Hand back the entries exactly as written, minus every picture.

◆ **PROVIDED RECORDS**
===============

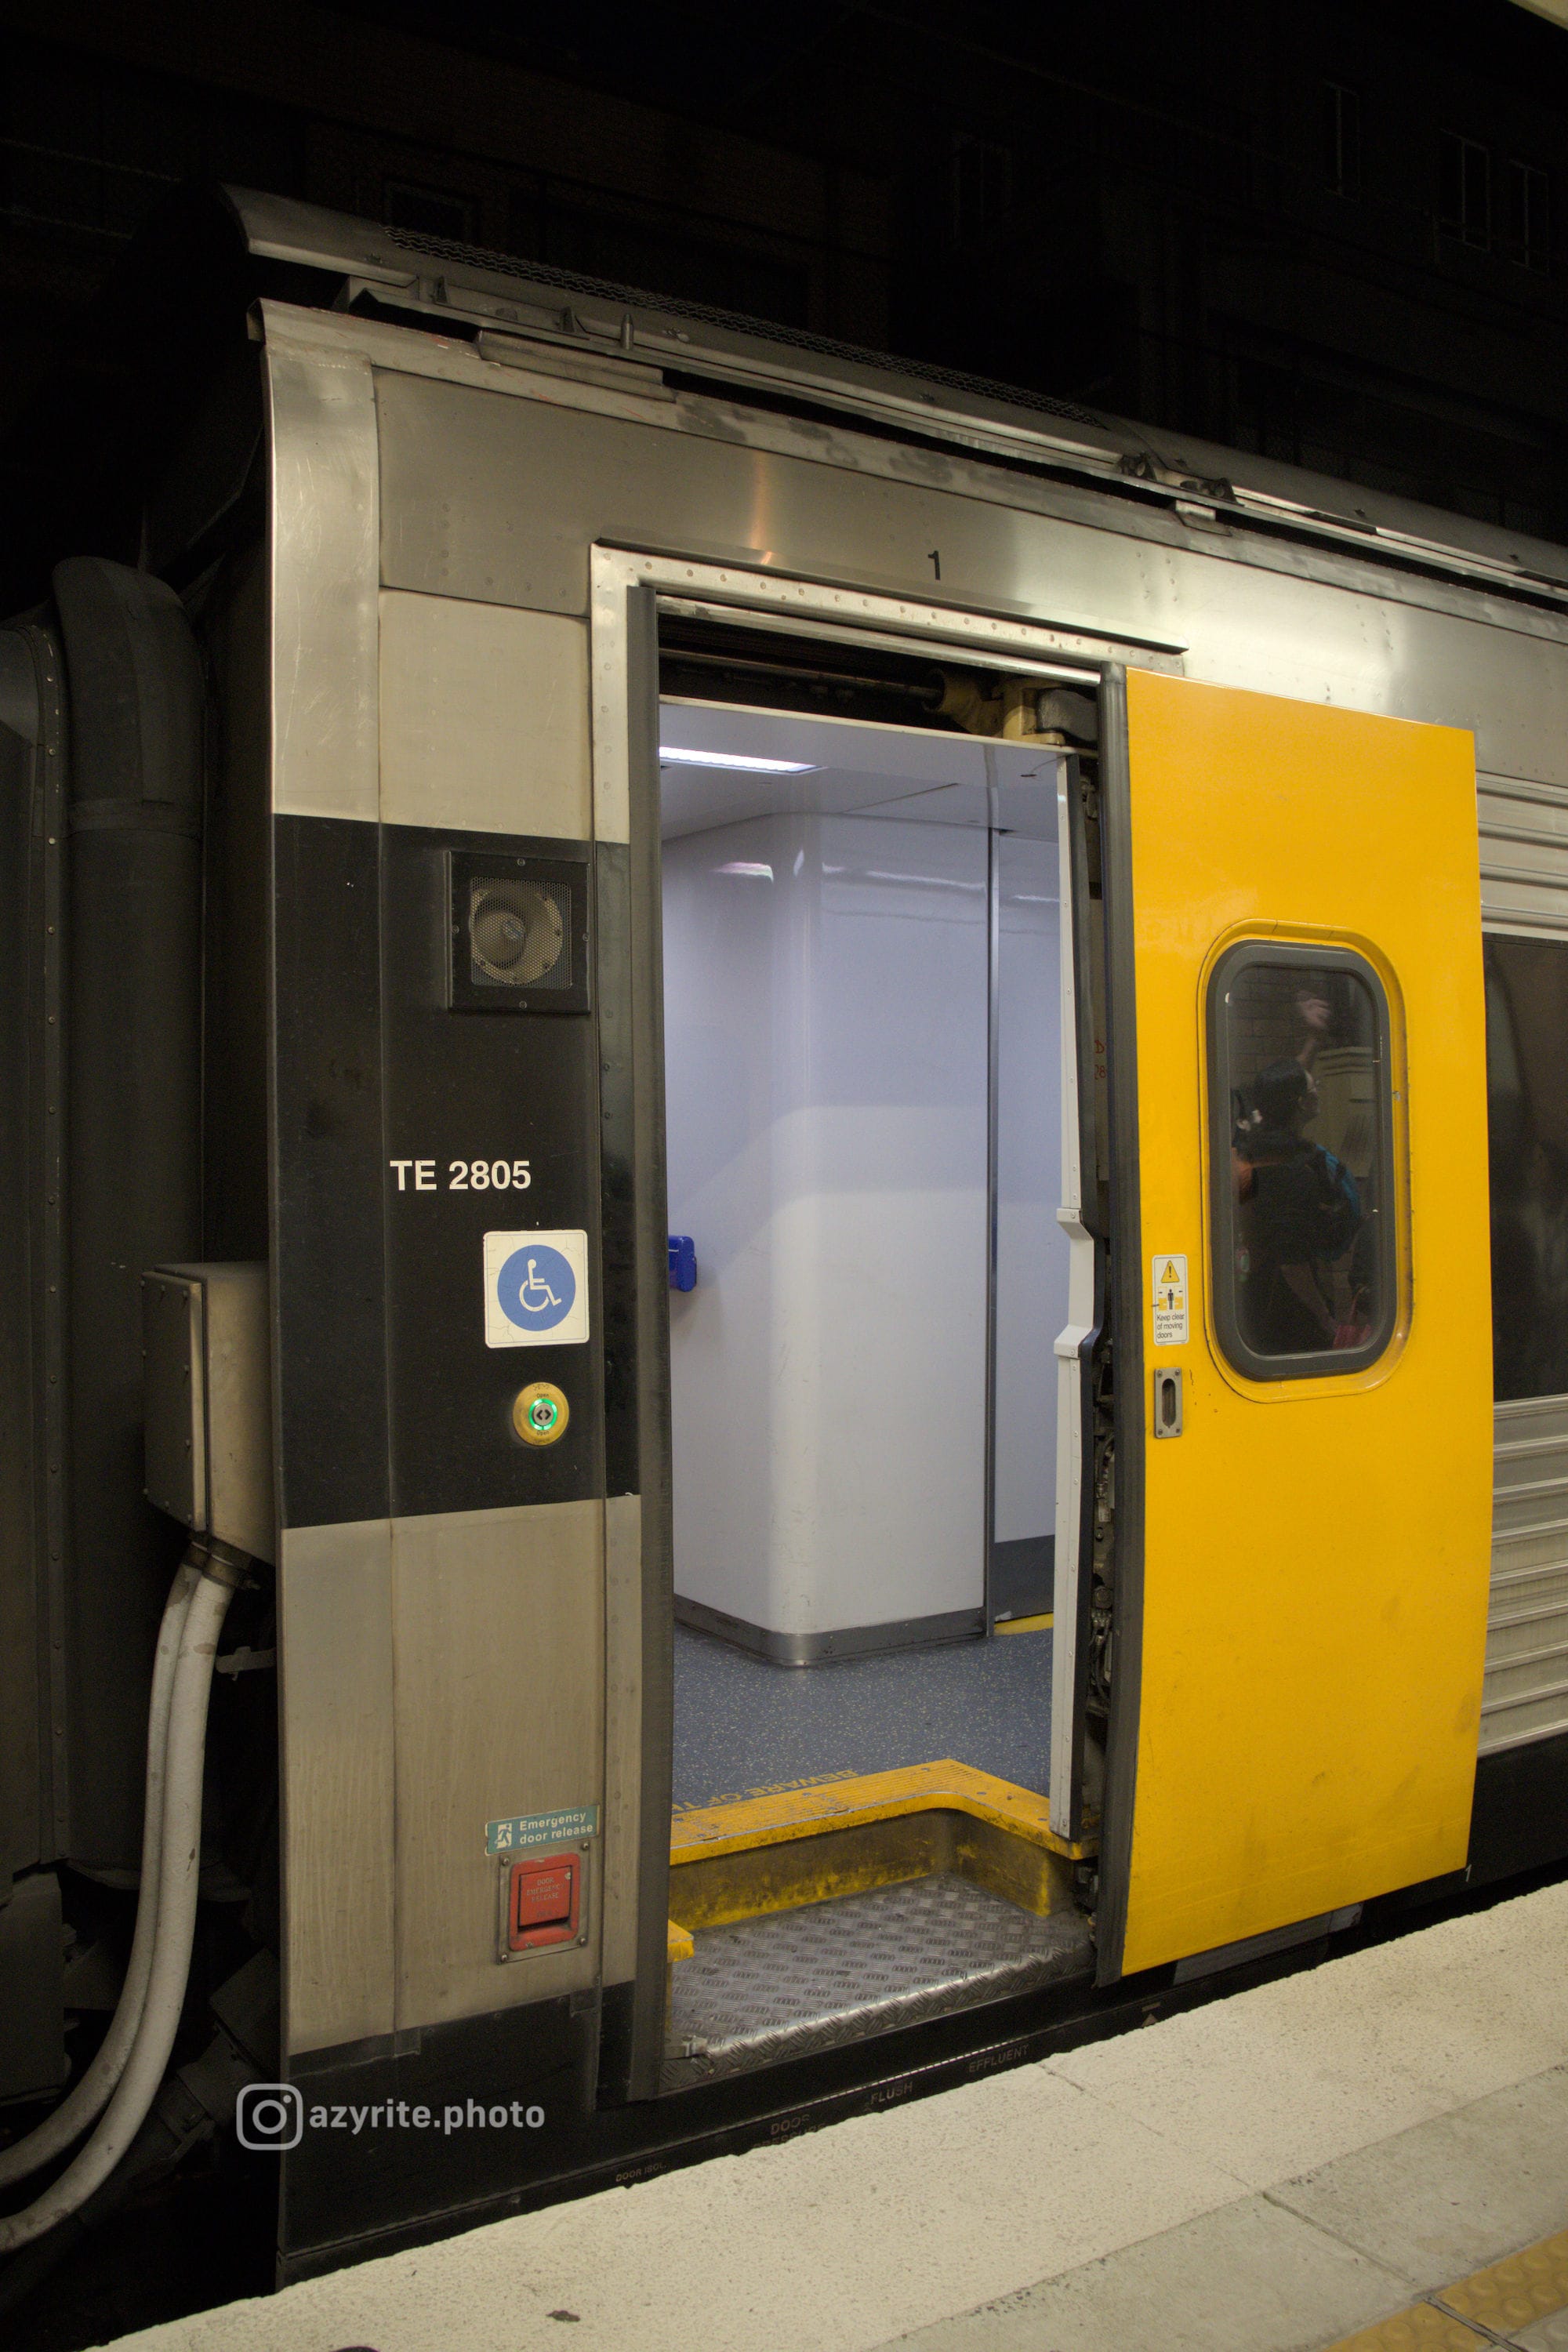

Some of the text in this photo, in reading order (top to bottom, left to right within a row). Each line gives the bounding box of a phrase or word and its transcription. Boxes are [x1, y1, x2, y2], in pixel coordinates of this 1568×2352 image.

[927, 550, 941, 580] 1
[390, 1160, 531, 1190] TE 2805
[746, 1769, 858, 1796] BEWARE
[707, 1793, 742, 1806] OF
[519, 1812, 586, 1831] Emergency
[519, 1823, 593, 1845] door release
[526, 1883, 564, 1896] EMERGENCY
[537, 1877, 554, 1886] DOOR
[532, 1892, 559, 1903] RELEASE
[968, 2044, 1029, 2074] EFFLUENT
[870, 2081, 913, 2106] FLUSH
[615, 2169, 642, 2182] DOOR
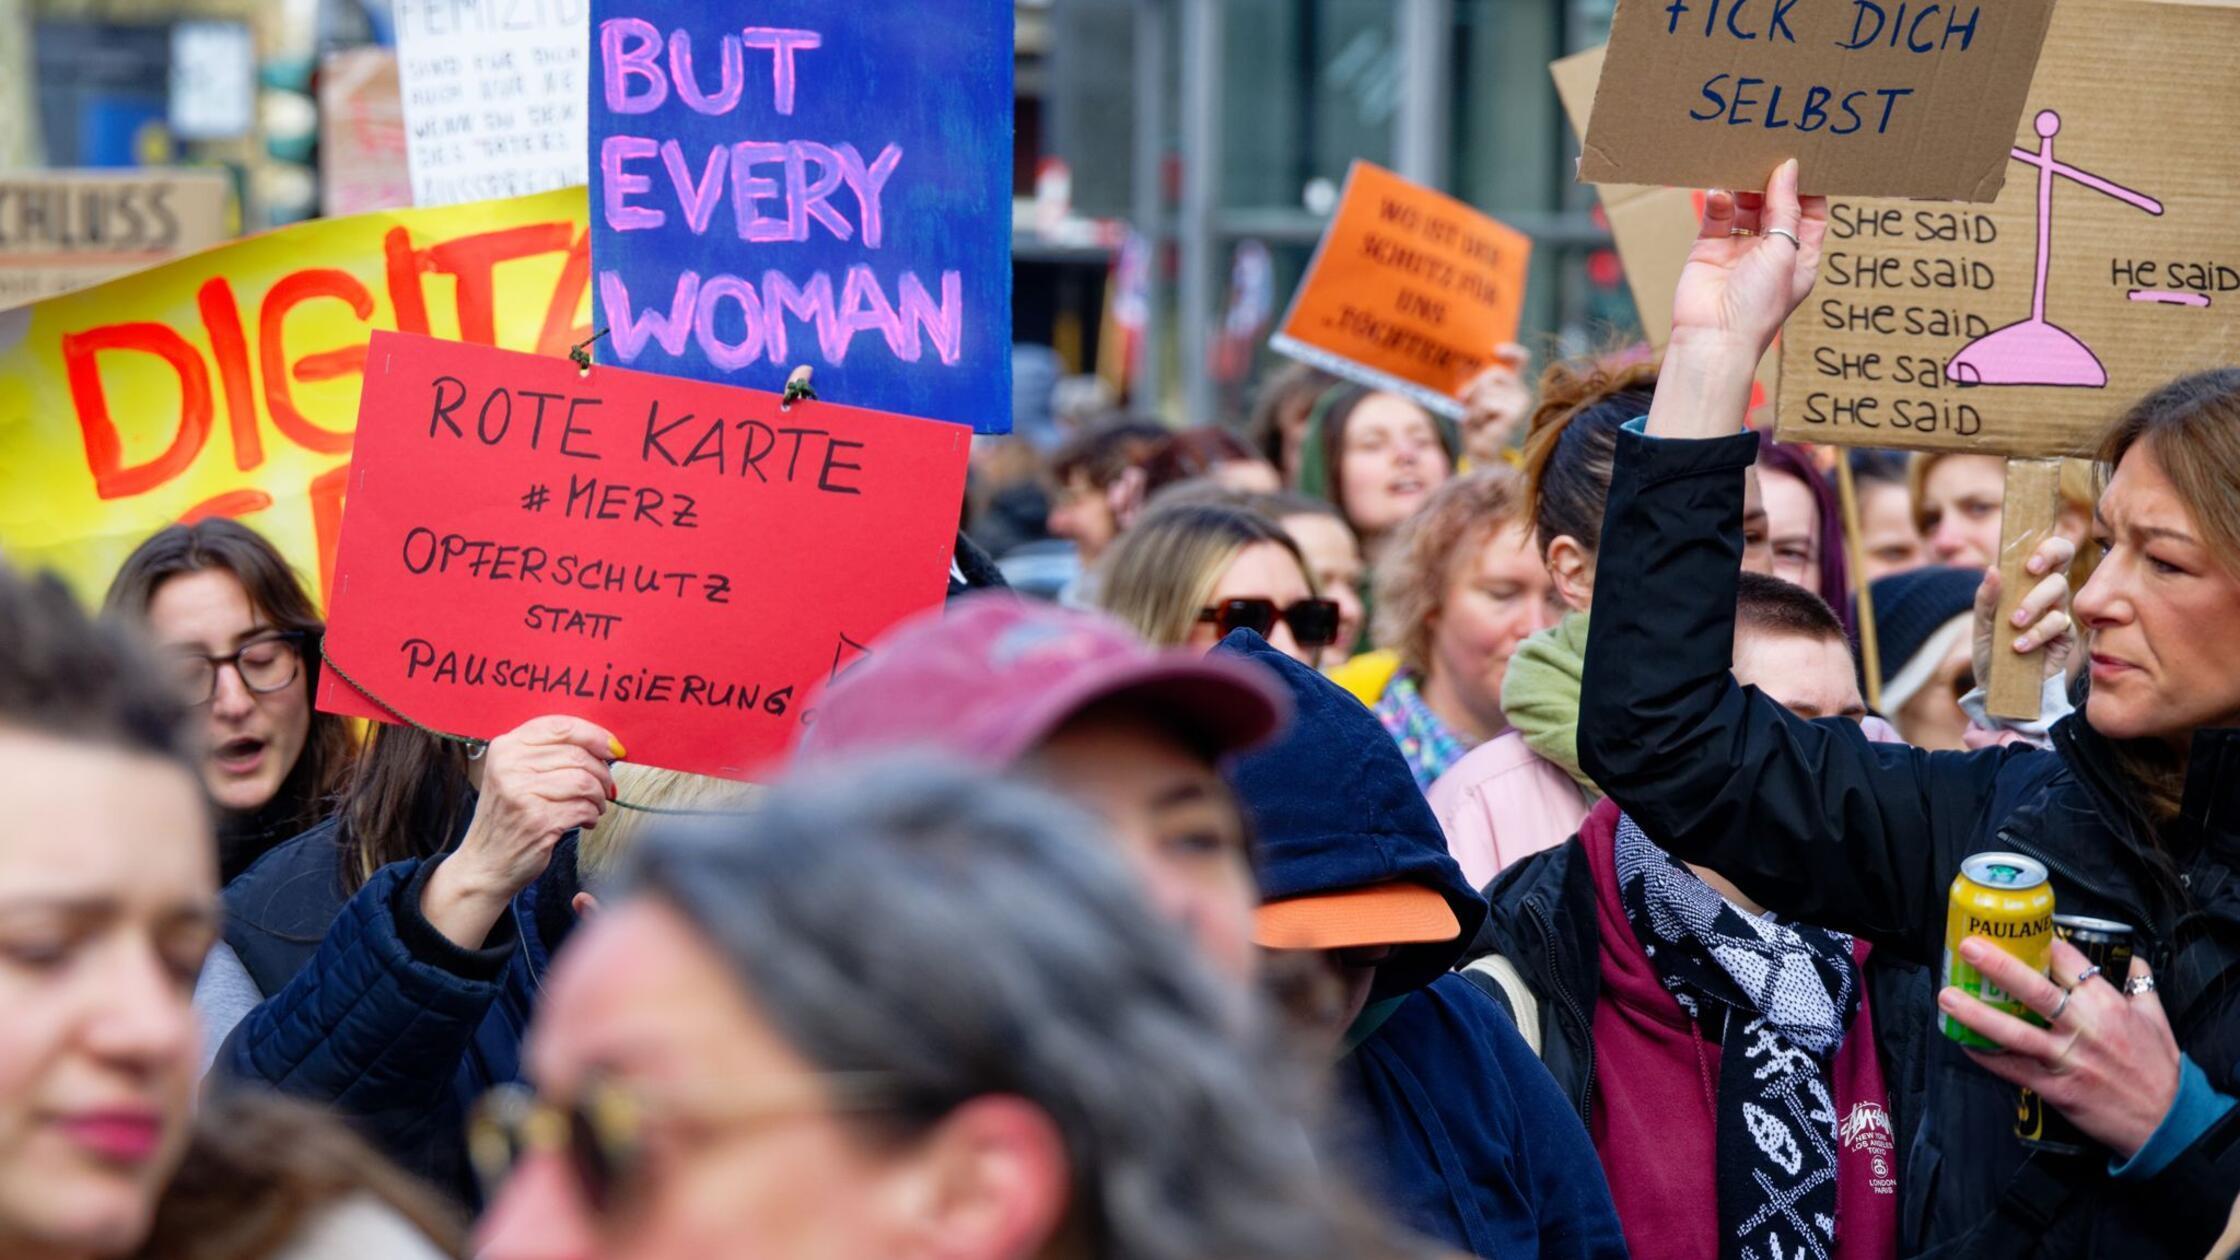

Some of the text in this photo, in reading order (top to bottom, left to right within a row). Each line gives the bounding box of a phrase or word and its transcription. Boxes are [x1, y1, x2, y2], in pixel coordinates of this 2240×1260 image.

[1834, 0, 1980, 52] DICH
[600, 17, 823, 116] BUT
[1690, 73, 1914, 134] SELBST
[601, 135, 902, 249] EVERY
[599, 262, 962, 372] WOMAN
[430, 376, 865, 494] ROTE KARTE
[403, 527, 732, 603] OPFERSCHUTZ
[524, 604, 622, 640] STATT
[1852, 1141, 1869, 1153] LOS
[1855, 1132, 1874, 1142] NEW
[1869, 1179, 1897, 1187] LONDON
[1874, 1186, 1893, 1194] PARIS
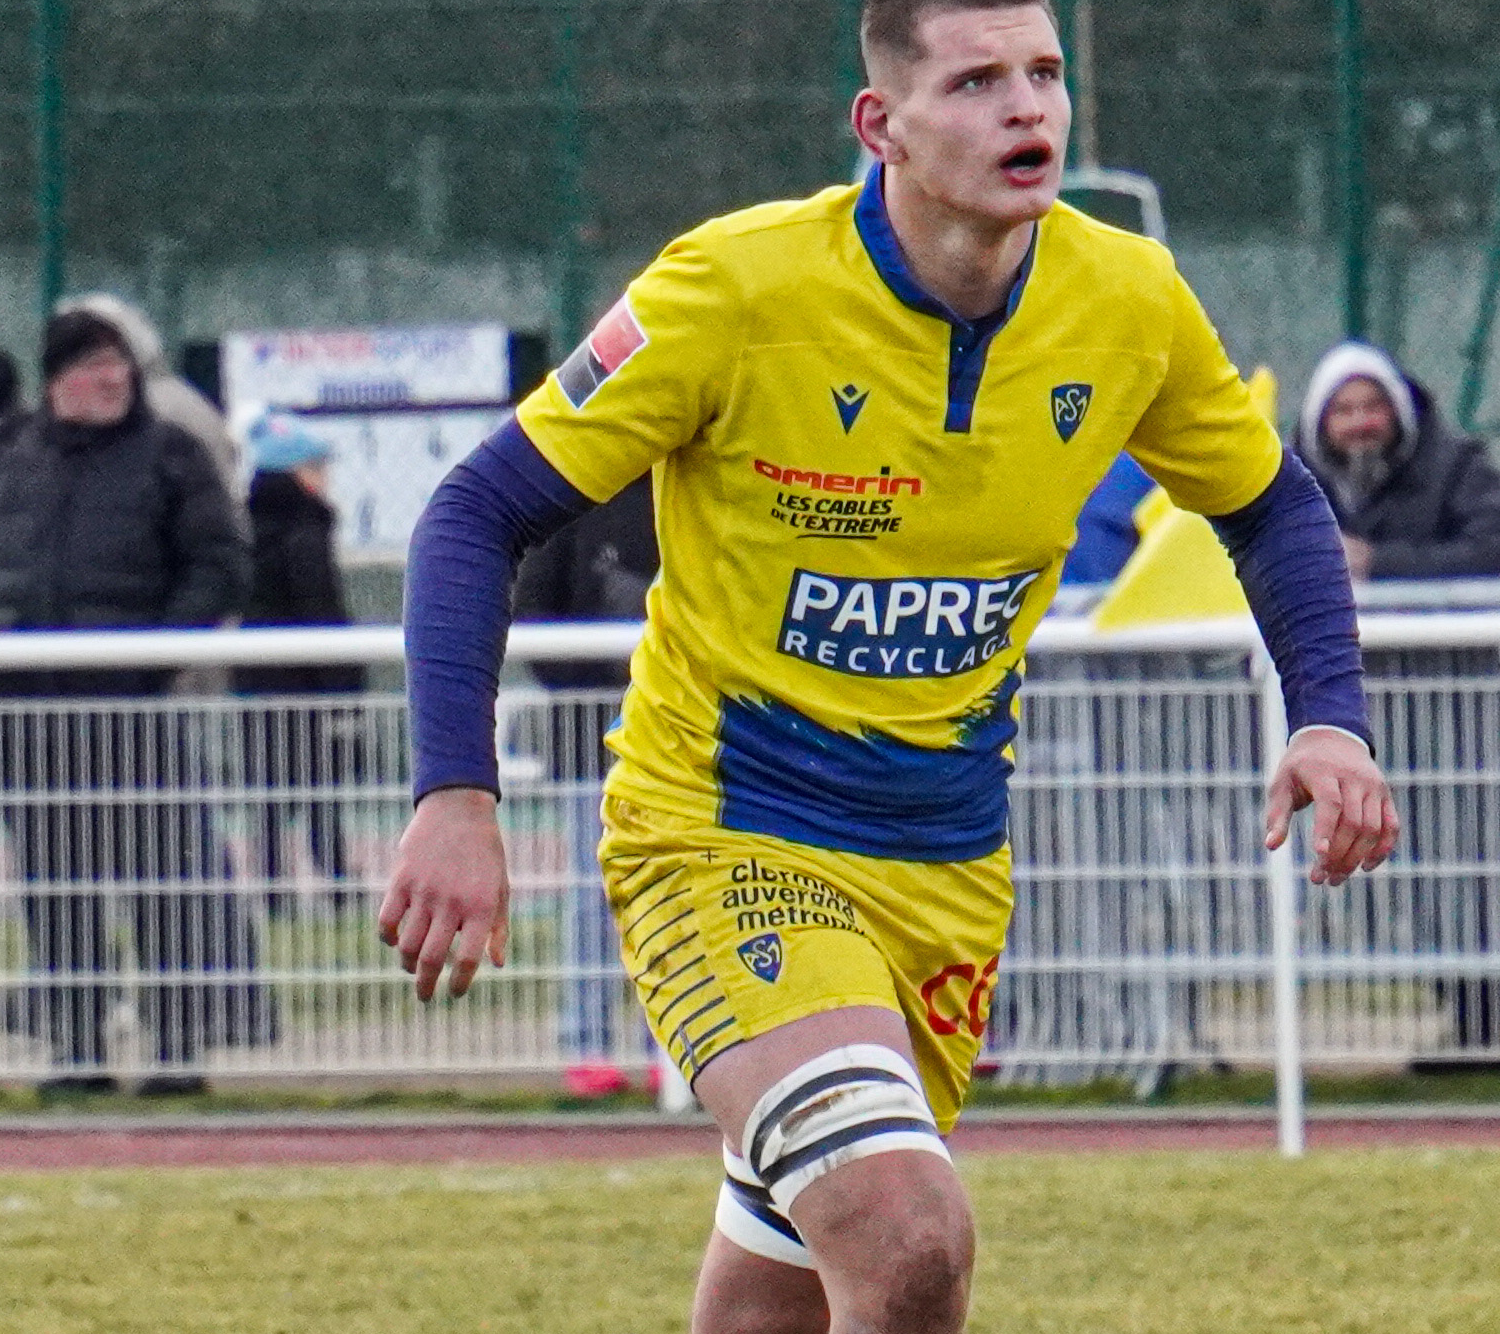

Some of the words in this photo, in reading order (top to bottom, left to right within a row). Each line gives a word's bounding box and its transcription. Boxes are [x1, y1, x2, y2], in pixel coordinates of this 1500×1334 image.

[754, 458, 923, 496] amerin
[776, 491, 813, 512] LES
[814, 498, 894, 516] CABLES
[789, 512, 903, 534] L'EXTREME
[790, 571, 1040, 637] PAPREC

===============

◆ **THE ANSWER**
Some of the text in this photo, in reading order (top to bottom, left to right within a row). Each line gives the bounding box of a phrase or word and its transcription. Boxes are [x1, y1, x2, y2], in pixel coordinates of this 1568×2352 image.

[927, 550, 941, 580] 1
[390, 1160, 531, 1190] TE 2805
[746, 1769, 858, 1796] BEWARE
[707, 1793, 742, 1806] OF
[519, 1812, 586, 1831] Emergency
[519, 1823, 593, 1845] door release
[526, 1883, 564, 1896] EMERGENCY
[537, 1877, 554, 1886] DOOR
[532, 1892, 559, 1903] RELEASE
[968, 2044, 1029, 2074] EFFLUENT
[870, 2081, 913, 2106] FLUSH
[615, 2169, 642, 2182] DOOR

Some of the text in this photo, in reading order (top to bottom, left to right within a row). Each line gives the bounding box of a phrase or word and its transcription. Boxes are [x1, y1, x2, y2], in pixel coordinates of this 2240×1260 image.

[1834, 0, 1980, 52] DICH
[600, 17, 823, 116] BUT
[1690, 73, 1914, 134] SELBST
[601, 135, 902, 249] EVERY
[599, 262, 962, 372] WOMAN
[430, 376, 865, 494] ROTE KARTE
[403, 527, 732, 603] OPFERSCHUTZ
[524, 604, 622, 640] STATT
[1852, 1141, 1869, 1153] LOS
[1855, 1132, 1874, 1142] NEW
[1869, 1179, 1897, 1187] LONDON
[1874, 1186, 1893, 1194] PARIS

Some of the words in this photo, in reading order (top to bottom, left to right within a row). Each line gives a word's bounding box and its transcription. Boxes are [x1, y1, x2, y2], in pixel coordinates of this 1500×1334 image.

[754, 458, 923, 496] amerin
[776, 491, 813, 512] LES
[814, 498, 894, 516] CABLES
[789, 512, 903, 534] L'EXTREME
[790, 571, 1040, 637] PAPREC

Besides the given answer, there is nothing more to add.